▸ **Problem requirements**
Please give back every entry in full, word for word, but none of the pictures.

[Image-backed grounding data]
----------------

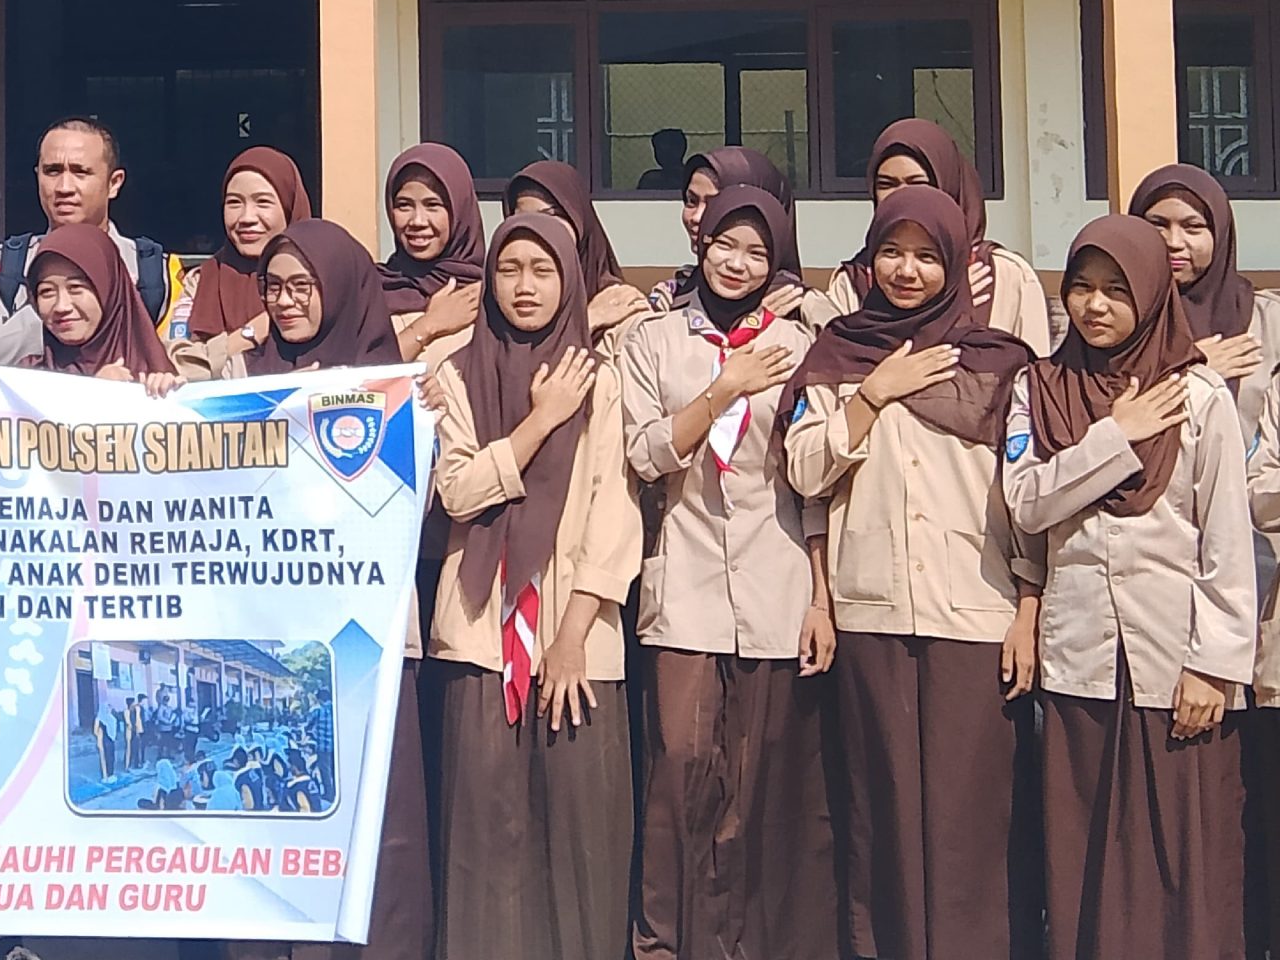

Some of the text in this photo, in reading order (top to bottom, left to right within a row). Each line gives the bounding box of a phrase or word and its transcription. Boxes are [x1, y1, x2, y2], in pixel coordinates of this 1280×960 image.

[321, 393, 375, 407] BINMAS
[18, 417, 139, 474] POLSEK
[142, 420, 289, 473] SIANTAN
[98, 501, 153, 523] DAN
[164, 496, 273, 522] WANITA
[130, 529, 250, 557] REMAJA,
[262, 529, 344, 558] KDRT,
[8, 562, 83, 586] ANAK
[95, 563, 160, 586] DEMI
[172, 561, 385, 585] TERWUJUDNYA
[18, 595, 71, 619] DAN
[84, 595, 182, 619] TERTIB
[86, 846, 271, 875] PERGAULAN
[281, 848, 347, 876] BEB
[46, 884, 108, 910] DAN
[118, 884, 207, 912] GURU

----------------

▸ **Response to the task**
Some of the text in this photo, in reading order (top to bottom, left to right within a row). Each line gives the bounding box of a phrase or word and its transcription. Boxes are [x1, y1, x2, y2], in pixel coordinates of this 1280×960 image.

[321, 393, 375, 407] BINMAS
[18, 417, 139, 474] POLSEK
[142, 420, 289, 473] SIANTAN
[98, 501, 153, 523] DAN
[164, 496, 273, 522] WANITA
[130, 529, 250, 557] REMAJA,
[262, 529, 344, 558] KDRT,
[8, 562, 83, 586] ANAK
[95, 563, 160, 586] DEMI
[172, 561, 385, 585] TERWUJUDNYA
[18, 595, 71, 619] DAN
[84, 595, 182, 619] TERTIB
[86, 846, 271, 875] PERGAULAN
[281, 848, 347, 876] BEB
[46, 884, 108, 910] DAN
[118, 884, 207, 912] GURU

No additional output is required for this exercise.